Patent Document 1 attempts to diagnose the details of abnormalities between the hardware unit, the software unit, and the microcomputer by adopting such a configuration.

Japanese Unexamined Patent Publication No. 2013-12219

When a monitoring means for monitoring the hardware part of the microcomputer, the software part of the microcomputer, and the microcomputer is provided as in the technique described in Patent Document 1, the configuration for realizing the monitoring means becomes complicated. There's a problem.

The present disclosure provides a technique for diagnosing whether an in-vehicle electronic control device is normal or abnormal with a simple configuration.

One aspect of the present disclosure includes a control unit (54, S400, S404), a feature acquisition unit (56, S420), and a diagnostic unit (60, S430-S440).
The control unit executes vehicle control by hardware and software. The feature acquisition unit acquires at least one feature information representing the feature of the vehicle control executed in cooperation with the hardware and software of the control unit. The diagnosis unit diagnoses whether the control unit is normal or abnormal based on the feature information acquired by the feature acquisition unit.

According to this configuration, it is diagnosed whether the control unit is normal or abnormal based on the feature information representing the characteristics of the vehicle control executed in cooperation with the hardware and software of the control unit. Therefore, the hardware of the control unit is used. It is not necessary to diagnose each of the software and the software separately by different diagnostic units. Therefore, it is possible to diagnose whether the in-vehicle electronic control device that executes vehicle control is normal or abnormal with a simple configuration.

In addition, the reference numerals in parentheses described in this column and the scope of claims indicate the correspondence with the specific means described in the embodiment described later as one embodiment, and the technical scope of the present disclosure is defined. It is not limited.
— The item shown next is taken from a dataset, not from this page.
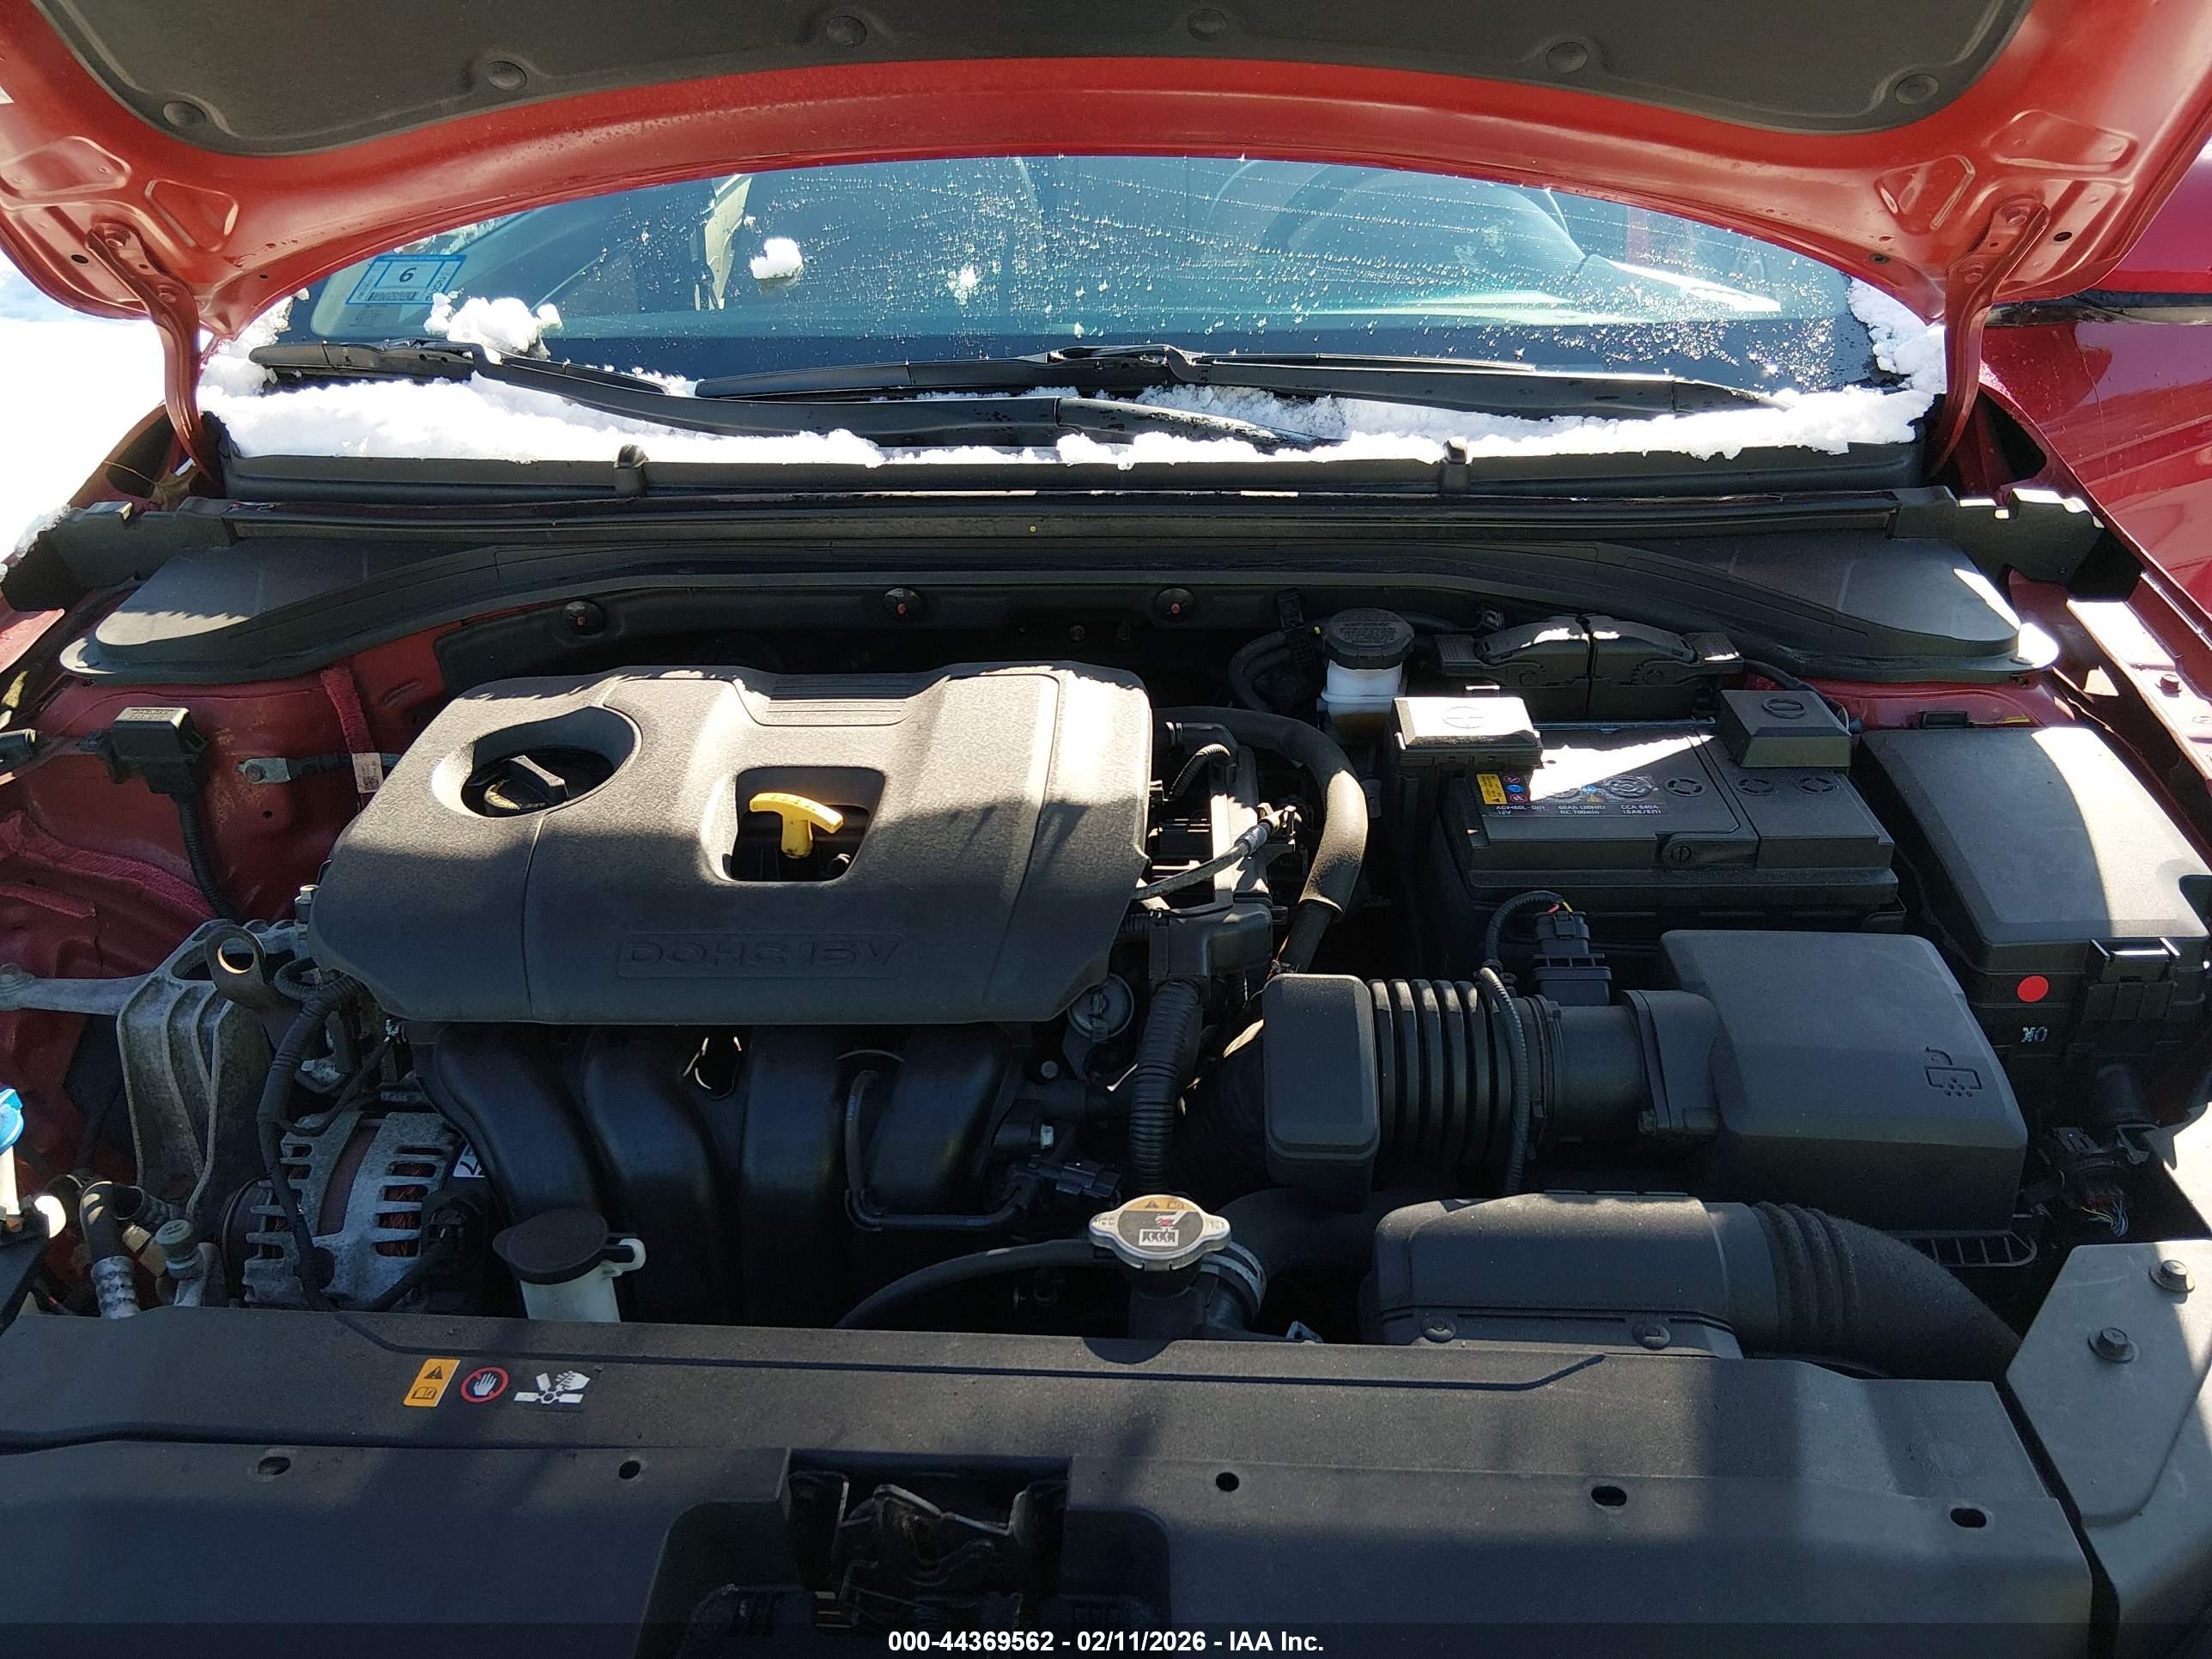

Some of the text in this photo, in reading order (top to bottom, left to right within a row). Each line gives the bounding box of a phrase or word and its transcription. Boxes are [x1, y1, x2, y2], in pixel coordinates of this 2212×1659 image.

[398, 267, 417, 283] 6
[629, 941, 901, 965] DOHC 16V
The hardware block diagram which shows the in-vehicle electronic control apparatus of this embodiment. The functional block diagram which shows the in-vehicle electronic control apparatus of this embodiment. Explanatory drawing which shows a list of feature information. Explanatory drawing which shows an example of statistical information. A flowchart showing the main processing of vehicle control. A flowchart showing a vehicle control diagnosis process. A flowchart showing the statistics generation process. A flowchart showing a diagnostic process.

Hereinafter, embodiments of the present disclosure will be described with reference to the drawings.
[1. Constitution]
The ECU 10 shown in FIG. 1 is mounted on a vehicle and executes vehicle control. ECU is an abbreviation for Electronic Control Unit. The vehicle control executed by the ECU 10 is, for example, vehicle torque control, braking control, steering control, and the like.

As a hardware configuration, the ECU 10 includes a CPU 22, an arithmetic unit 24 such as an FPU other than the CPU, a PMU 26, a cache memory 28, and a semiconductor memory 30 which is a non-transitional substantive recording medium such as a RAM, a ROM, and a flash memory. And a microcomputer 20 including a bus 40.

FPU is an abbreviation for Floating Point Unit, and PMU is an abbreviation for Processing Monitor Unit. Semiconductor memory is also called memory. A microcomputer is also called a microcomputer. The number of microcomputers 20 mounted on the ECU 10 is not limited to one, and may be plural.

As shown in FIG. 2, the ECU 10 has the OS unit 50 as a function realized by executing the OS, the BSW, the control software, the statistics generation software, and the diagnostic software as the software in which the CPU 22 is stored in the memory 30. The BSW unit 52, the control unit 54, the statistics generation unit 58, and the diagnosis unit 60 are provided. OS is an abbreviation for Operating System, and BSW is an abbreviation for Basic Software.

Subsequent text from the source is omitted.